**Task directions:**
Output each record verbatim, with pictures left out.

(Referring expression grounding data)
◇ ◇ ◇
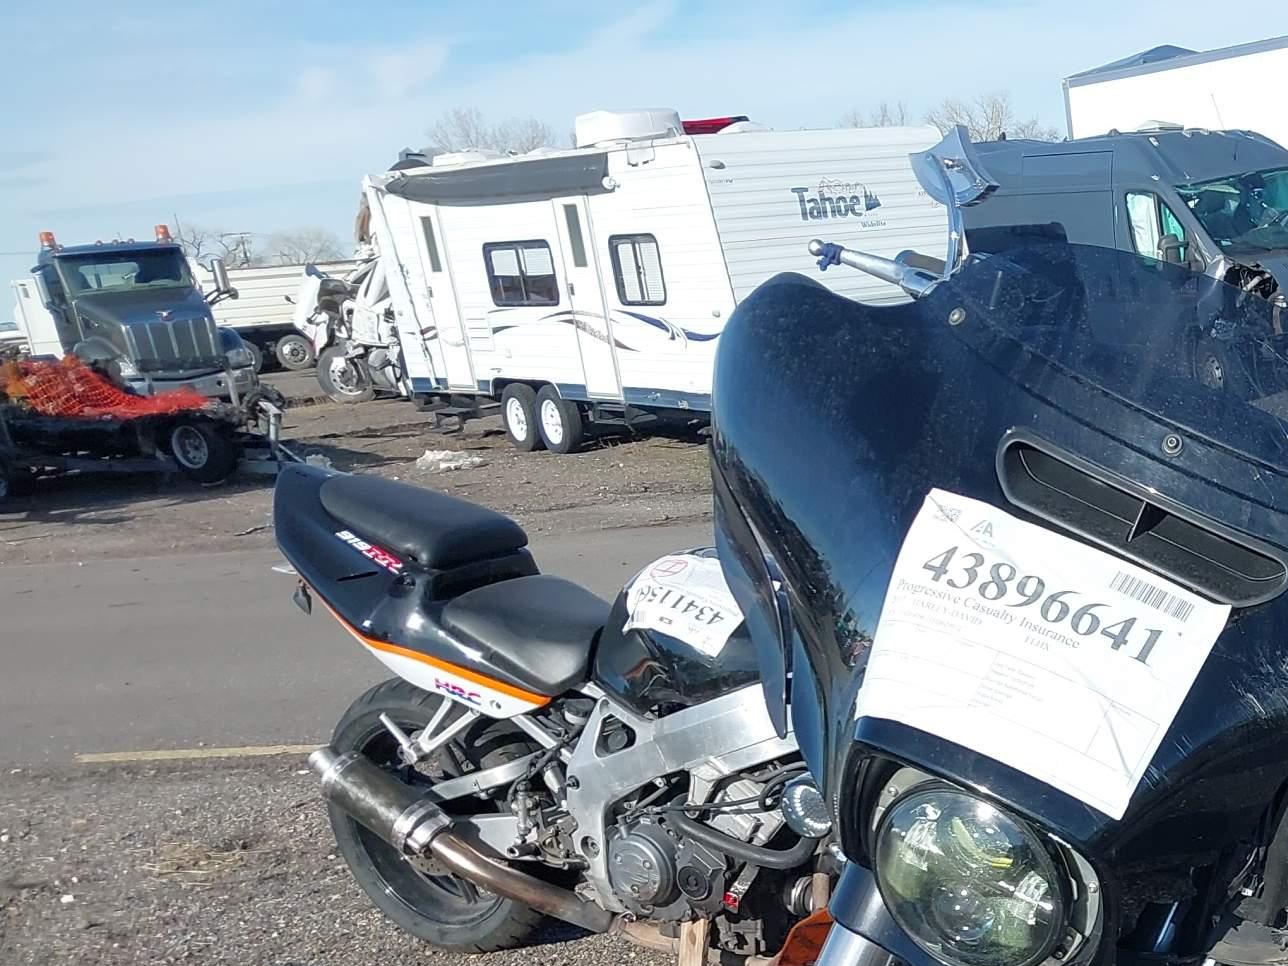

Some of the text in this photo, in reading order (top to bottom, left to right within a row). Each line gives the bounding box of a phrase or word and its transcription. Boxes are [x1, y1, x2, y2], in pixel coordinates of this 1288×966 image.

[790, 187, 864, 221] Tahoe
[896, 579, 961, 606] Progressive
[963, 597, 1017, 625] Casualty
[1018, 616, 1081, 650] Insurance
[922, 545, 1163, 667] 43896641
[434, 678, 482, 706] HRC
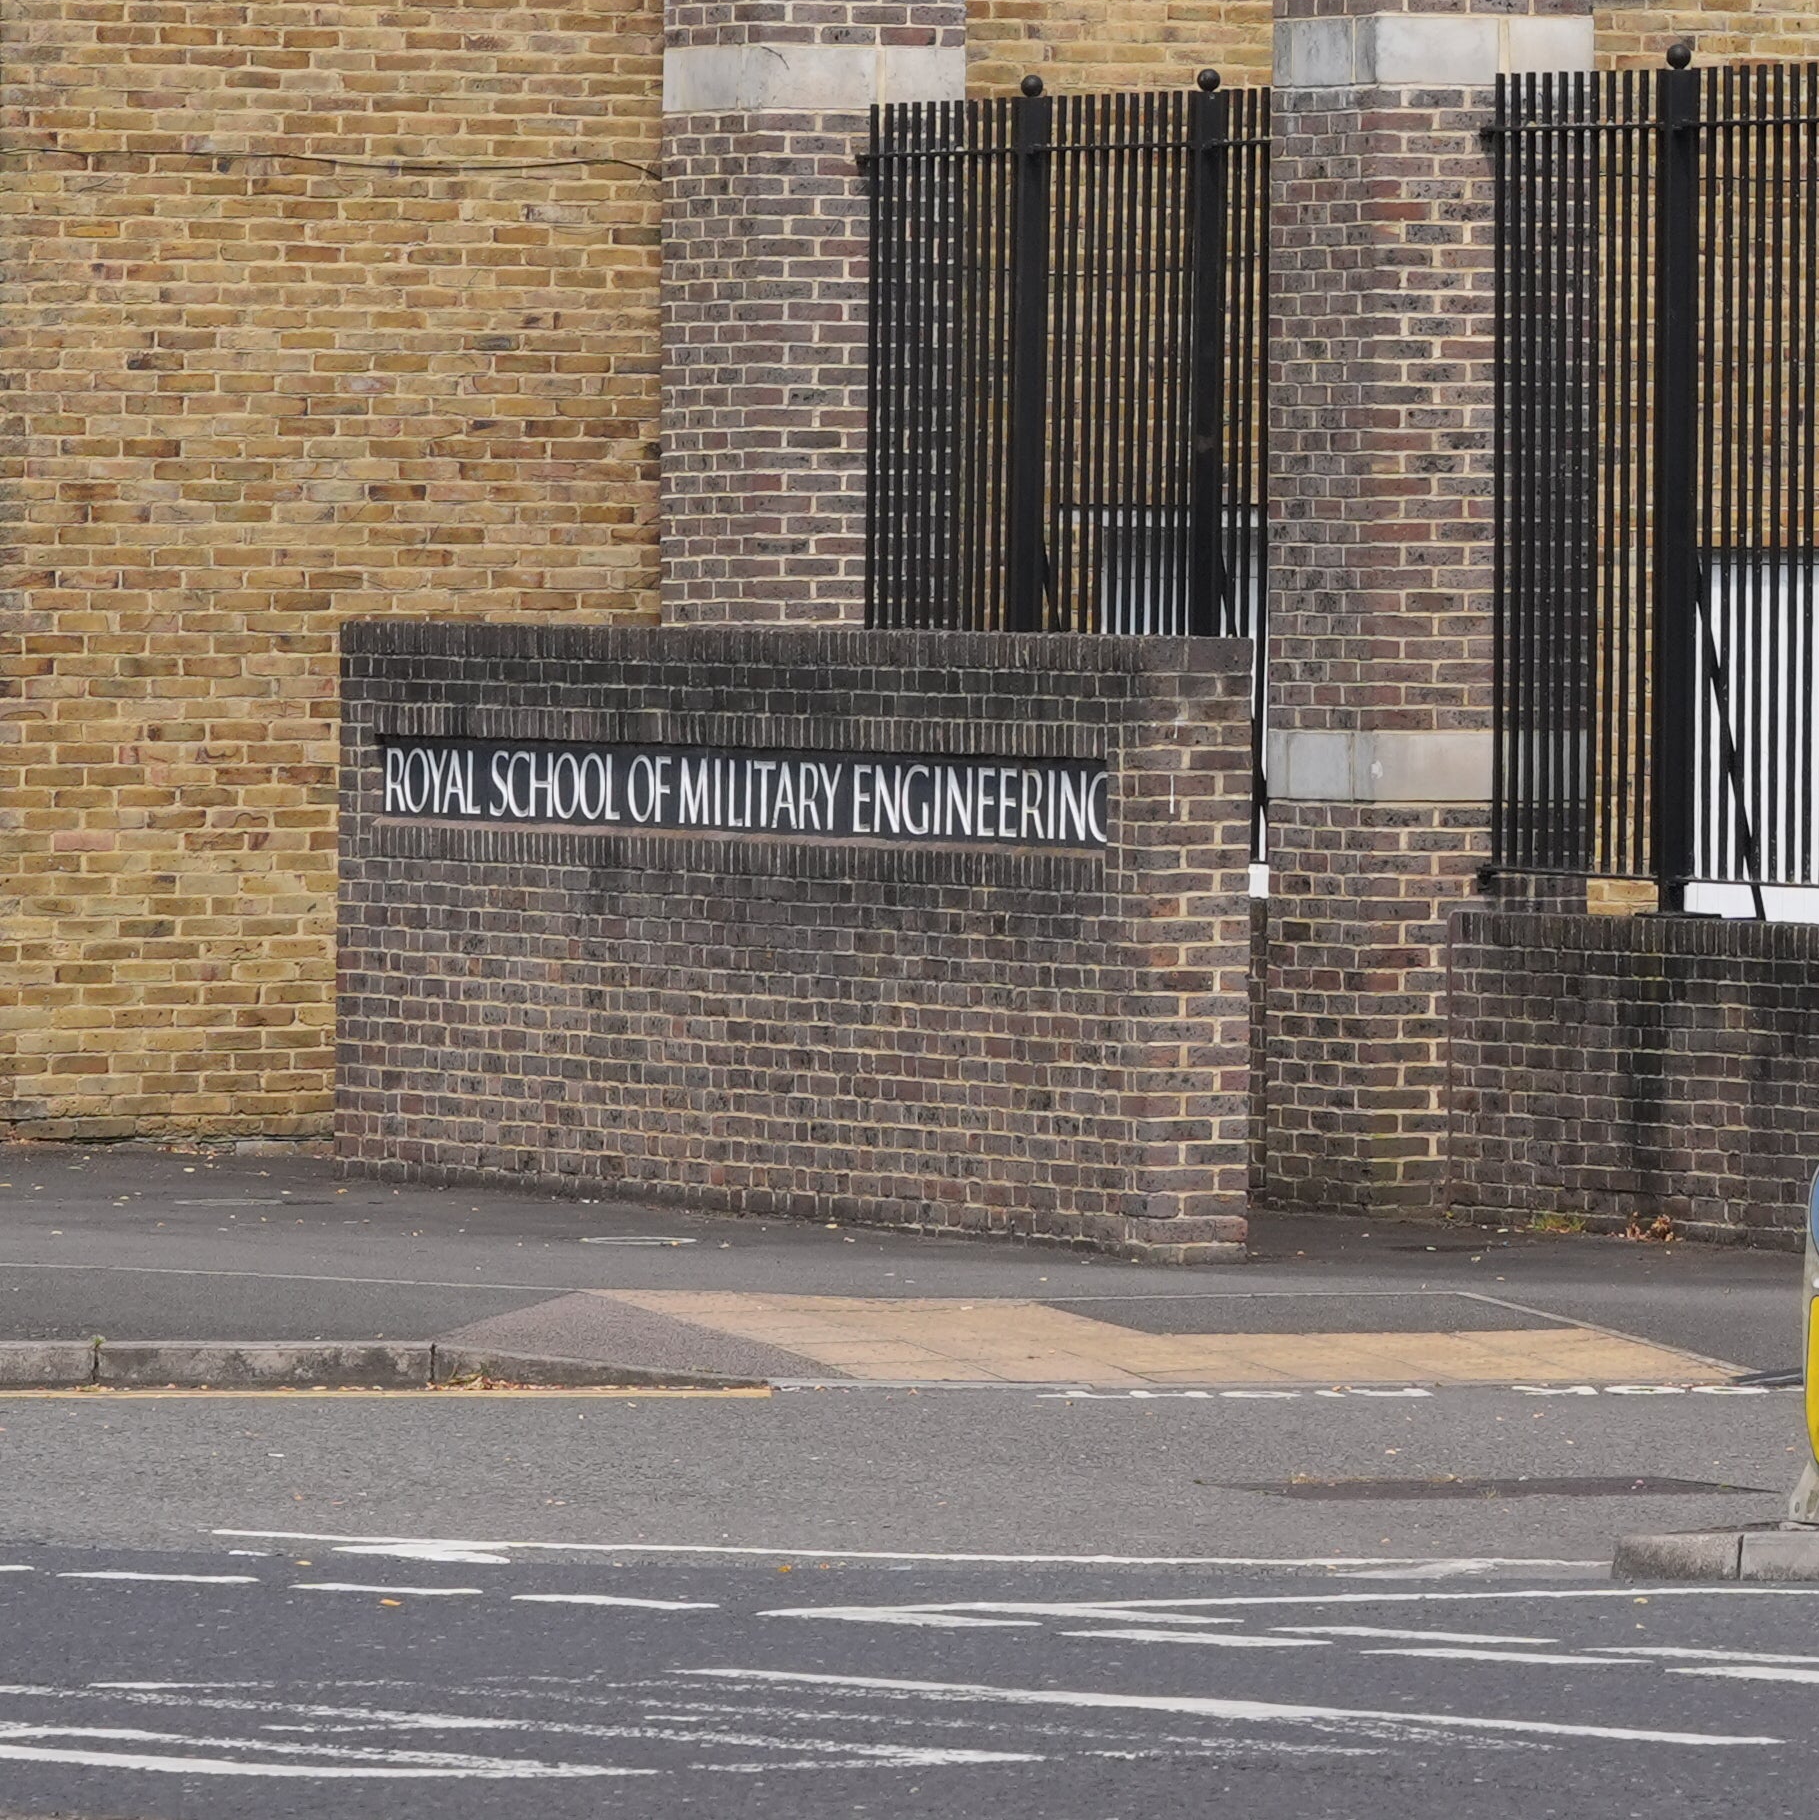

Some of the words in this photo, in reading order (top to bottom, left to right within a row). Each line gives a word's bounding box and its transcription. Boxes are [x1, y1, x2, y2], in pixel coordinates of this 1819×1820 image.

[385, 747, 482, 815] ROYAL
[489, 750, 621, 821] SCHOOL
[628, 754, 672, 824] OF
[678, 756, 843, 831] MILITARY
◇ ◇ ◇
**Task result:**
Some of the text in this photo, in reading order (top to bottom, left to right within a row). Each line gives the bounding box of a phrase or word and its transcription. Boxes are [x1, y1, x2, y2], in pixel coordinates of this 1288×966 image.

[790, 187, 864, 221] Tahoe
[896, 579, 961, 606] Progressive
[963, 597, 1017, 625] Casualty
[1018, 616, 1081, 650] Insurance
[922, 545, 1163, 667] 43896641
[434, 678, 482, 706] HRC

Some of the words in this photo, in reading order (top to bottom, left to right within a row). Each line gives a word's bounding box and its transcription. Boxes are [x1, y1, x2, y2], in pixel coordinates of this 1819×1820 image.

[385, 747, 482, 815] ROYAL
[489, 750, 621, 821] SCHOOL
[628, 754, 672, 824] OF
[678, 756, 843, 831] MILITARY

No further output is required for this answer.